*** Opening SOURCE MATERIAL ***
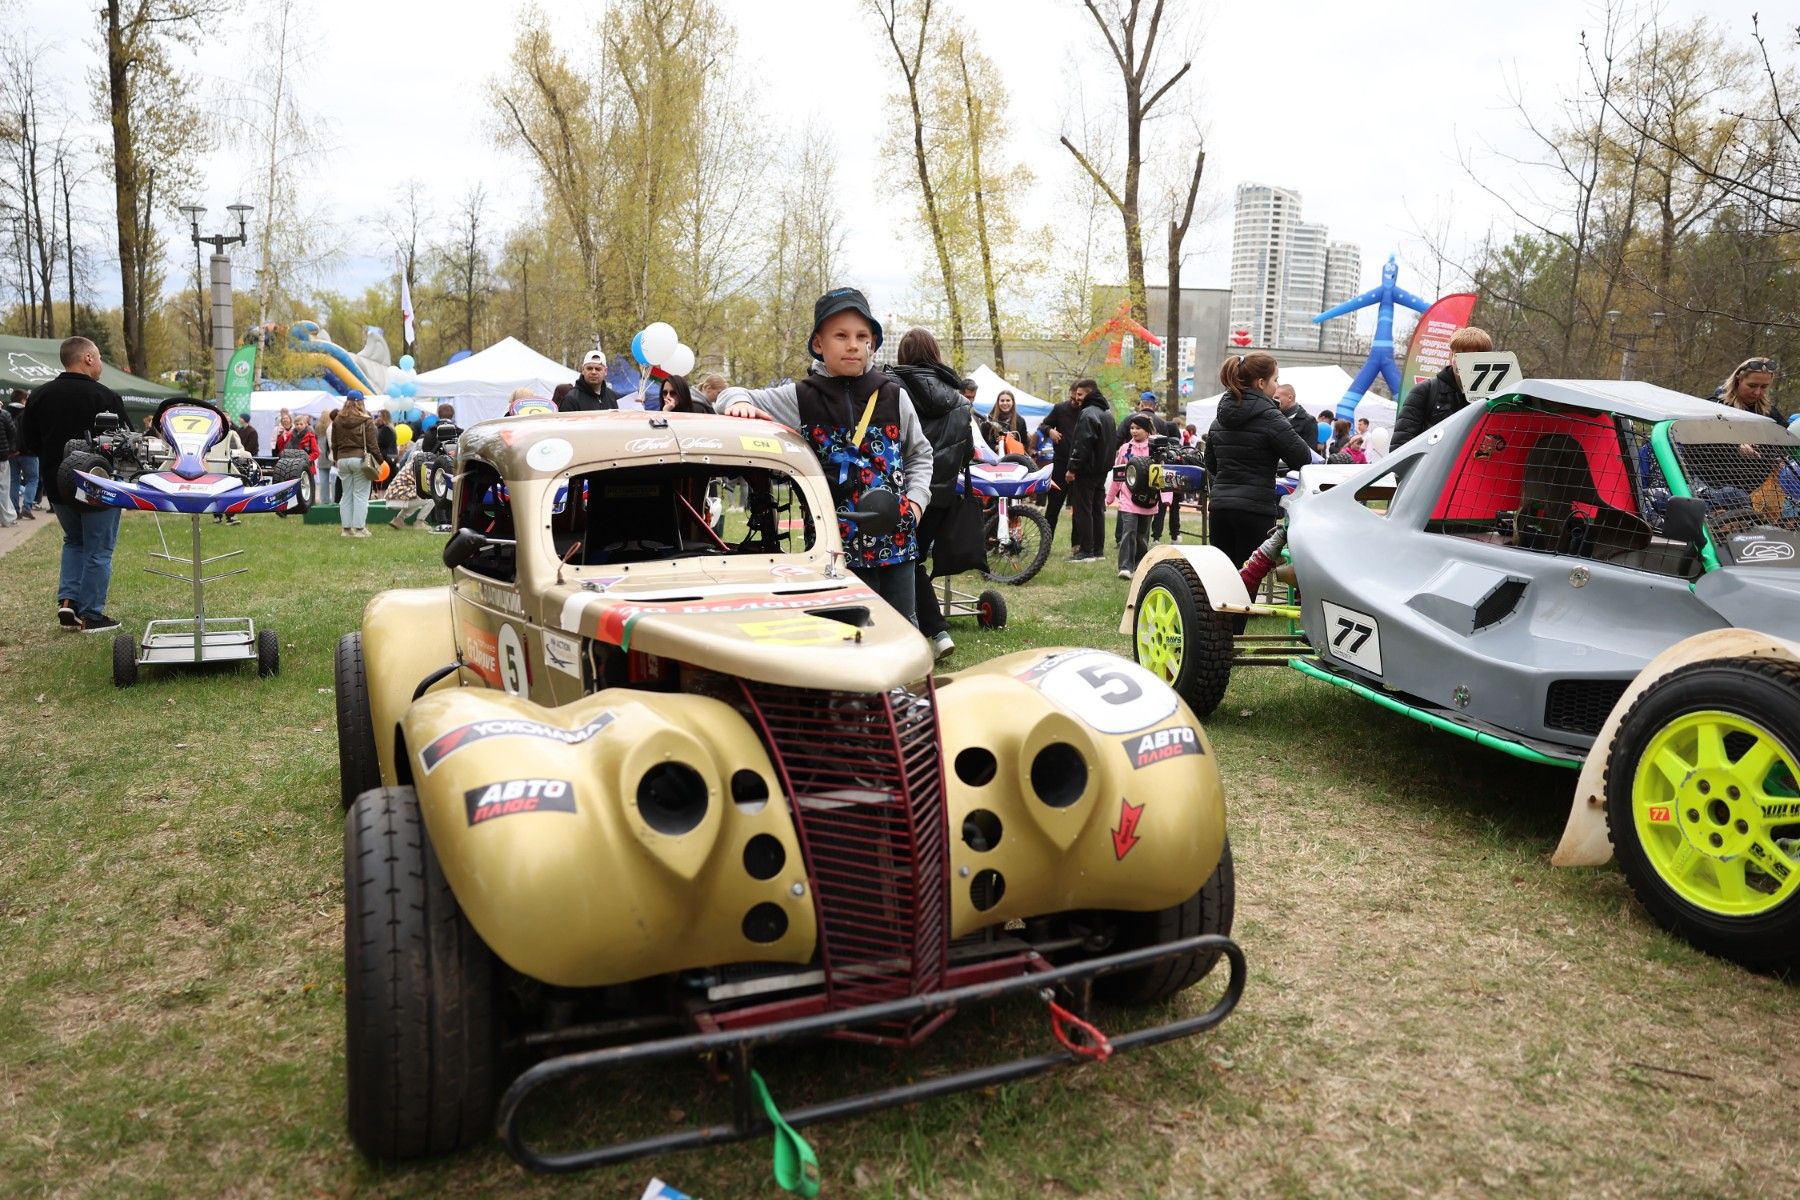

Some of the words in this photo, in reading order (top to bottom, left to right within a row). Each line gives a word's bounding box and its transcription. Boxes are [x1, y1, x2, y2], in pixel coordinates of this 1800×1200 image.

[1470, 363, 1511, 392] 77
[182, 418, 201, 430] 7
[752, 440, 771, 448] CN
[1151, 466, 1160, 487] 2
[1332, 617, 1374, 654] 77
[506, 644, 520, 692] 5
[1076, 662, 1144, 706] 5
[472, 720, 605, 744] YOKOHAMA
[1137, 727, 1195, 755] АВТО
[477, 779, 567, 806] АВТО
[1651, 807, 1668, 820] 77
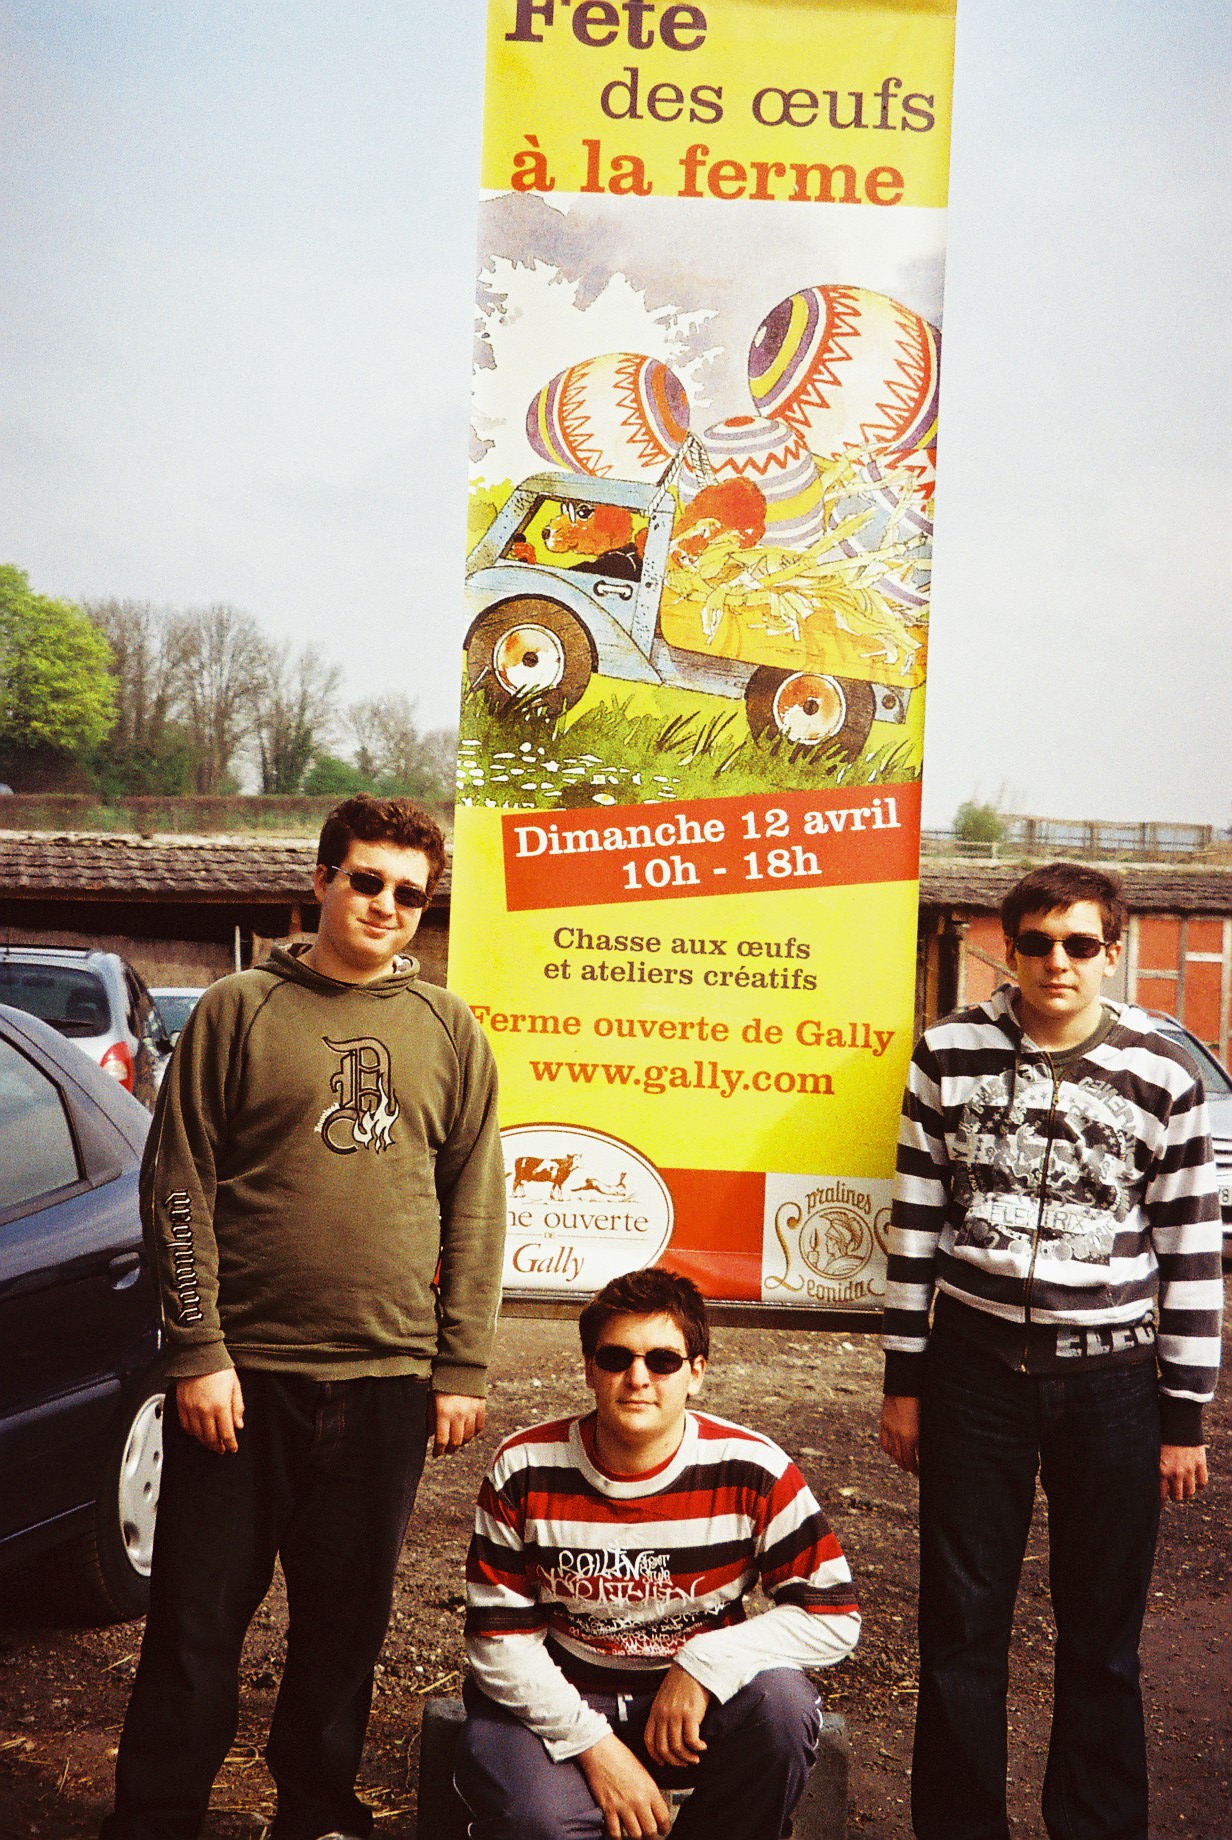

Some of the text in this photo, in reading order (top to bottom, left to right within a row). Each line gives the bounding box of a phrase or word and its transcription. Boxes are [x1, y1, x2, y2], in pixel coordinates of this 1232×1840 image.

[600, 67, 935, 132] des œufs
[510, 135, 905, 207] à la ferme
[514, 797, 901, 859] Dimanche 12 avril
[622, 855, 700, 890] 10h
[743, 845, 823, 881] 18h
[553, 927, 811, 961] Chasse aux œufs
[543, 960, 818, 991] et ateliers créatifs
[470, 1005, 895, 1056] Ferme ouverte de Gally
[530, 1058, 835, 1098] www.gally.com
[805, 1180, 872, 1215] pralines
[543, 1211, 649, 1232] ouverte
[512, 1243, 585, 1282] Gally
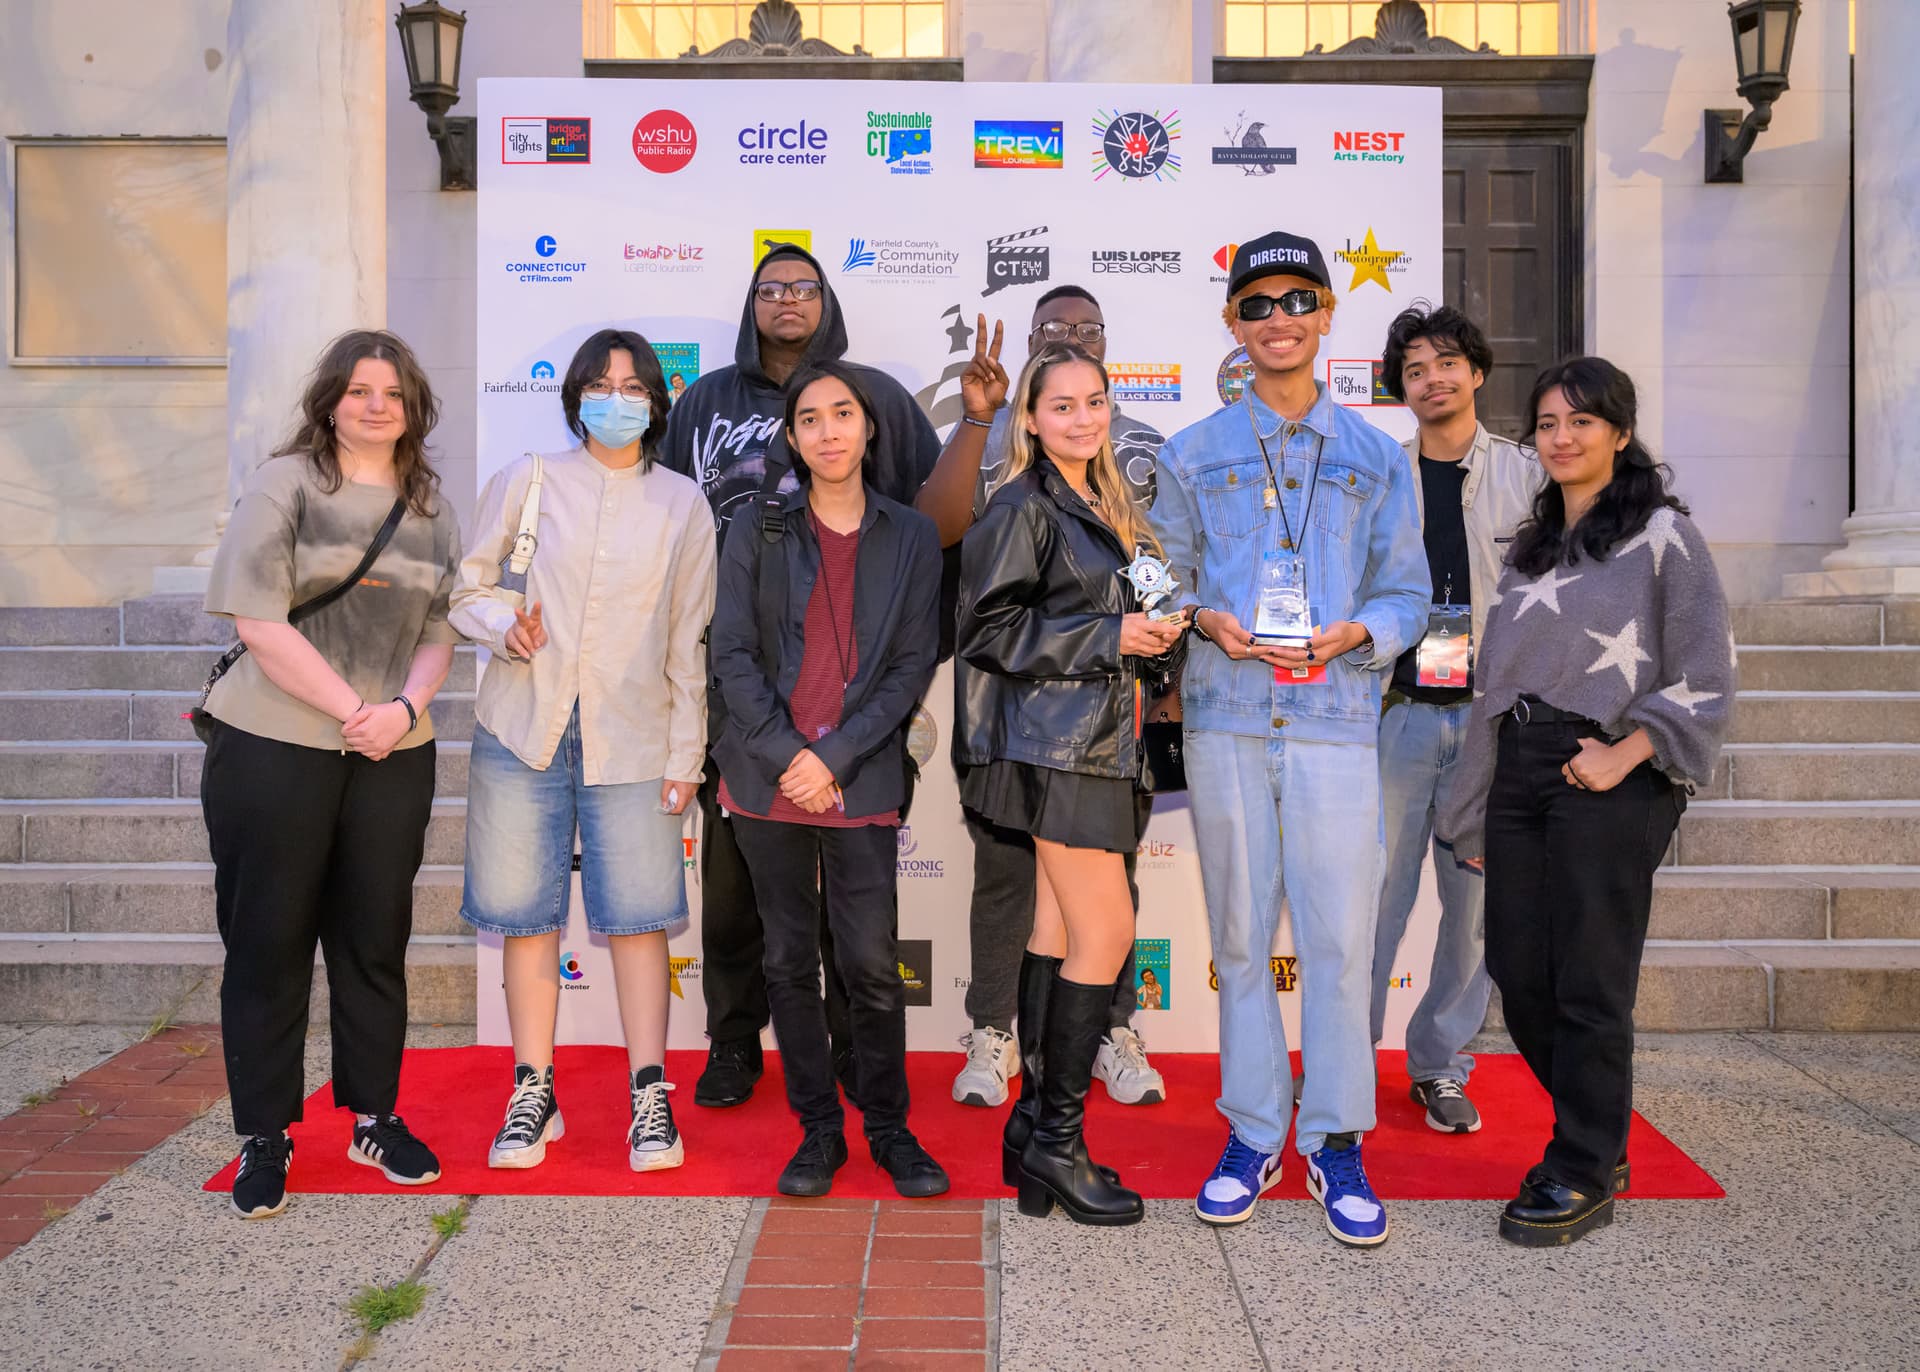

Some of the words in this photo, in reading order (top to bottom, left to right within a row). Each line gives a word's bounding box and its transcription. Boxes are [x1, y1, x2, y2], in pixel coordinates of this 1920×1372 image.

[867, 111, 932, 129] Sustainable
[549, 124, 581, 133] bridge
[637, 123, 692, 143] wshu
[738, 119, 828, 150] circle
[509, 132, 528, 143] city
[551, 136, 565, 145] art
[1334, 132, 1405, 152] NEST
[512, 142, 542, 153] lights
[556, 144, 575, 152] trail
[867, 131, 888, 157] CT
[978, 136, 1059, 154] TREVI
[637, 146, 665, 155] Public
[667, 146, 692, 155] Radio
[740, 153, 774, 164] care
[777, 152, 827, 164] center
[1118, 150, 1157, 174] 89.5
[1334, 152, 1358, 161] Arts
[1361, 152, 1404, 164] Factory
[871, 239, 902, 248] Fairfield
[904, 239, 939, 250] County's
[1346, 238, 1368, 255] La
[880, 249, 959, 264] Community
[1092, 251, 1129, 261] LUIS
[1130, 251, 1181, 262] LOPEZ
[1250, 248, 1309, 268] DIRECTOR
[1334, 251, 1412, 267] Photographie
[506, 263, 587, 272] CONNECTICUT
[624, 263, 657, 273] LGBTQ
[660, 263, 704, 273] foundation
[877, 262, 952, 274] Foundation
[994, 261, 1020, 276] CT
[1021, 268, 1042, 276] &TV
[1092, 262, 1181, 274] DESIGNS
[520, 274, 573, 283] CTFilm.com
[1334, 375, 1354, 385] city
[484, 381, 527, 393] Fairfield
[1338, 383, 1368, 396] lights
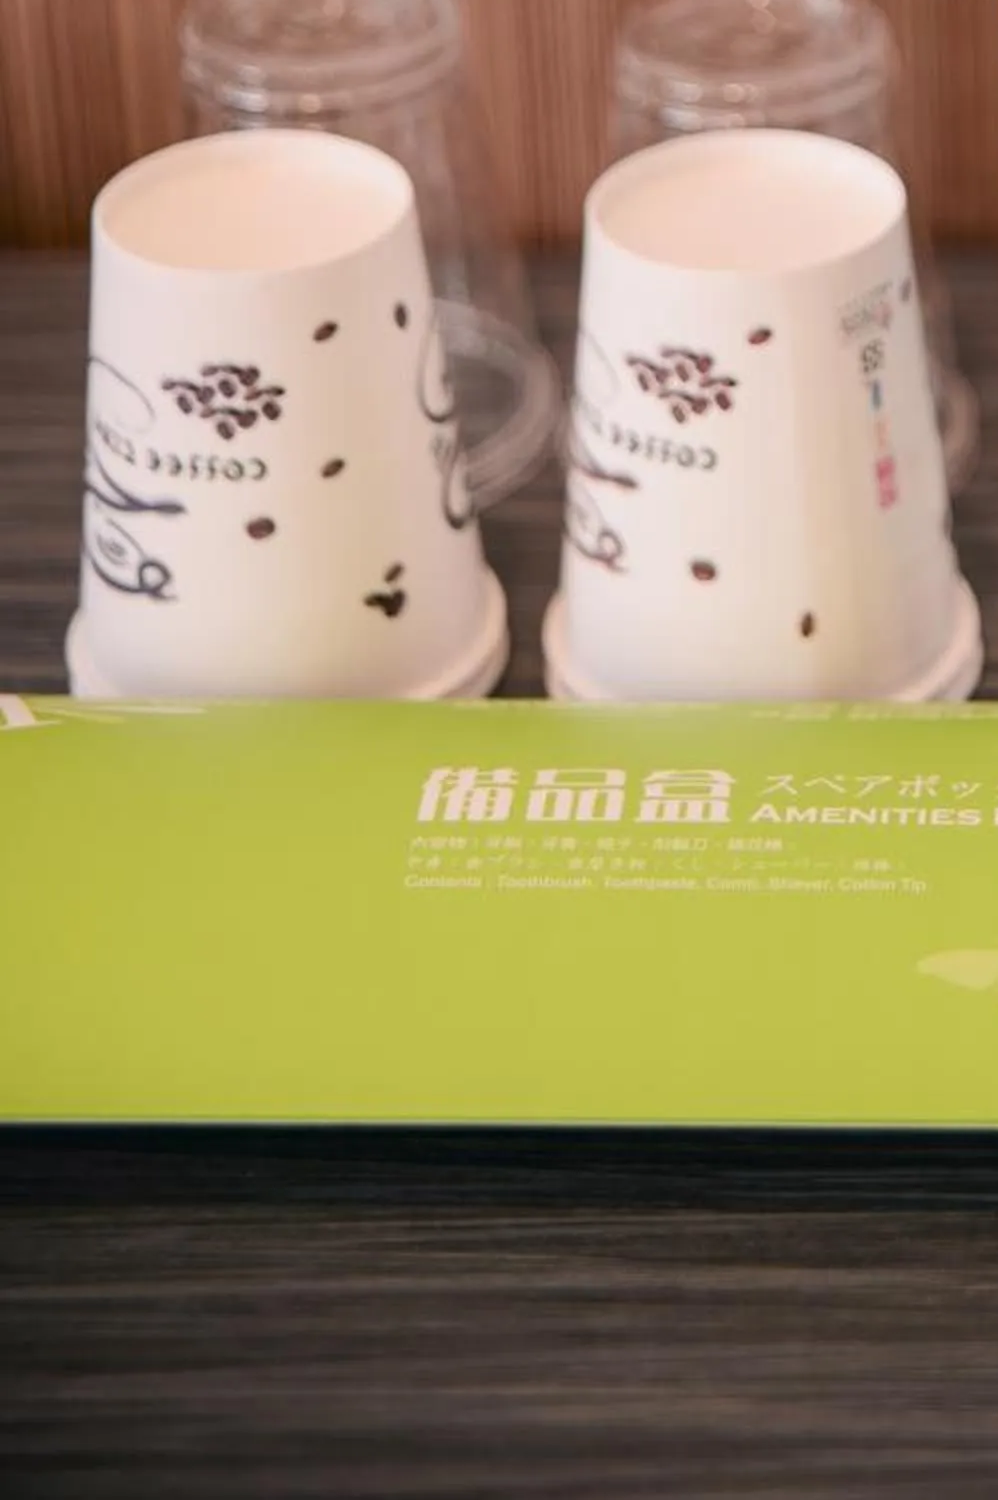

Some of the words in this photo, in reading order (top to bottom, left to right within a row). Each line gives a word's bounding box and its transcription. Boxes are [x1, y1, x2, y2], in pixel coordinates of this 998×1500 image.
*** Closing SOURCE MATERIAL ***
## WHAT YOU HAVE TO DO
When you copy the data above, reproduce each line exactly and skip every image.

## RESULT OF THE TASK
Some of the words in this photo, in reading order (top to bottom, left to right within a row). Each line gives a word's bounding box and its transcription. Boxes are [x1, y1, x2, y2], in pixel coordinates of this 1800×1200 image.

[1470, 363, 1511, 392] 77
[182, 418, 201, 430] 7
[752, 440, 771, 448] CN
[1151, 466, 1160, 487] 2
[1332, 617, 1374, 654] 77
[506, 644, 520, 692] 5
[1076, 662, 1144, 706] 5
[472, 720, 605, 744] YOKOHAMA
[1137, 727, 1195, 755] АВТО
[477, 779, 567, 806] АВТО
[1651, 807, 1668, 820] 77

Some of the text in this photo, in reading order (top to bottom, left to right within a row). Each line gives the bounding box of a phrase or word and its transcription. Boxes are [x1, y1, x2, y2], in pixel coordinates of this 1232×1840 image.

[600, 67, 935, 132] des œufs
[510, 135, 905, 207] à la ferme
[514, 797, 901, 859] Dimanche 12 avril
[622, 855, 700, 890] 10h
[743, 845, 823, 881] 18h
[553, 927, 811, 961] Chasse aux œufs
[543, 960, 818, 991] et ateliers créatifs
[470, 1005, 895, 1056] Ferme ouverte de Gally
[530, 1058, 835, 1098] www.gally.com
[805, 1180, 872, 1215] pralines
[543, 1211, 649, 1232] ouverte
[512, 1243, 585, 1282] Gally

Some of the words in this photo, in reading order (top to bottom, left to right within a row). Each line gives a word's bounding box and its transcription. Boxes are [x1, y1, x2, y2], in pixel coordinates of this 1920×1372 image.

[867, 111, 932, 129] Sustainable
[549, 124, 581, 133] bridge
[637, 123, 692, 143] wshu
[738, 119, 828, 150] circle
[509, 132, 528, 143] city
[551, 136, 565, 145] art
[1334, 132, 1405, 152] NEST
[512, 142, 542, 153] lights
[556, 144, 575, 152] trail
[867, 131, 888, 157] CT
[978, 136, 1059, 154] TREVI
[637, 146, 665, 155] Public
[667, 146, 692, 155] Radio
[740, 153, 774, 164] care
[777, 152, 827, 164] center
[1118, 150, 1157, 174] 89.5
[1334, 152, 1358, 161] Arts
[1361, 152, 1404, 164] Factory
[871, 239, 902, 248] Fairfield
[904, 239, 939, 250] County's
[1346, 238, 1368, 255] La
[880, 249, 959, 264] Community
[1092, 251, 1129, 261] LUIS
[1130, 251, 1181, 262] LOPEZ
[1250, 248, 1309, 268] DIRECTOR
[1334, 251, 1412, 267] Photographie
[506, 263, 587, 272] CONNECTICUT
[624, 263, 657, 273] LGBTQ
[660, 263, 704, 273] foundation
[877, 262, 952, 274] Foundation
[994, 261, 1020, 276] CT
[1021, 268, 1042, 276] &TV
[1092, 262, 1181, 274] DESIGNS
[520, 274, 573, 283] CTFilm.com
[1334, 375, 1354, 385] city
[484, 381, 527, 393] Fairfield
[1338, 383, 1368, 396] lights

Some of the words in this photo, in reading order (top to bottom, left to right within a row). Each line gives a word's bounding box and its transcription. Boxes are [x1, y1, x2, y2], in pixel coordinates of this 998×1500 image.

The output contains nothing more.